**Task brief:**
Would you transcribe the whole listing exactly and drop its images?

Segment Start: Record set

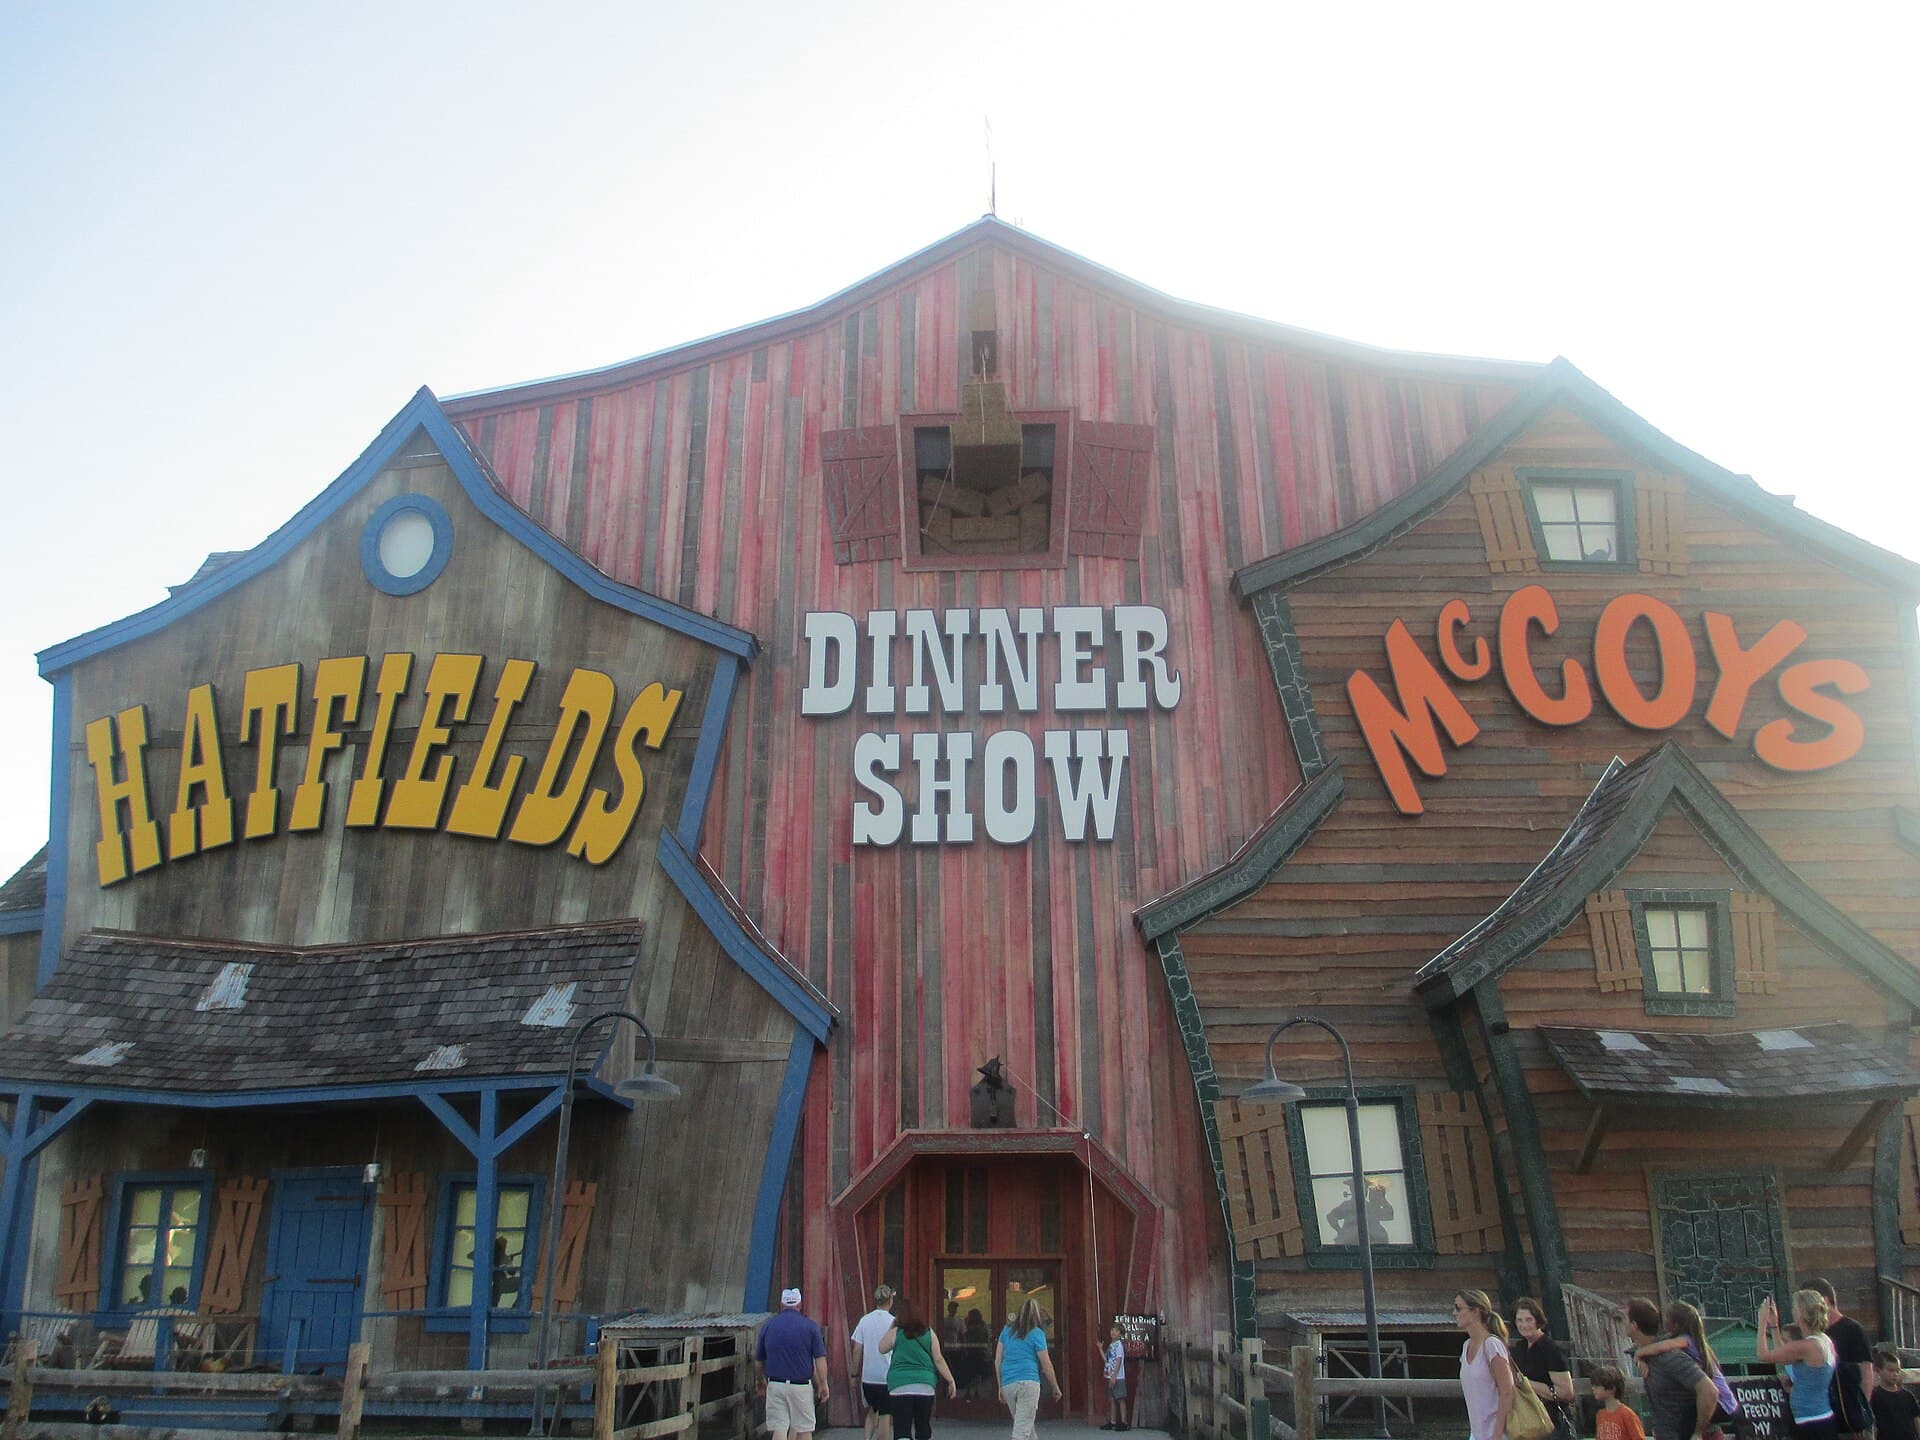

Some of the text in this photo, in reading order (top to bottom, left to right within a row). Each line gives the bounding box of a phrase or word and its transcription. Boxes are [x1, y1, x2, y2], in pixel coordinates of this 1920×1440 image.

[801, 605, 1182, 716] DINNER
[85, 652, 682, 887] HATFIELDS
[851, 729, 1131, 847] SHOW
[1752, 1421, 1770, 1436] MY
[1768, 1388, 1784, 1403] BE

Segment End: Record set

**Written response:**
Some of the text in this photo, in reading order (top to bottom, left to right within a row). Each line gives the bounding box of a phrase or word and its transcription. Boxes are [x1, y1, x2, y2], in pixel coordinates of this 1920×1440 image.

[801, 605, 1182, 716] DINNER
[85, 652, 682, 887] HATFIELDS
[851, 729, 1131, 847] SHOW
[1752, 1421, 1770, 1436] MY
[1768, 1388, 1784, 1403] BE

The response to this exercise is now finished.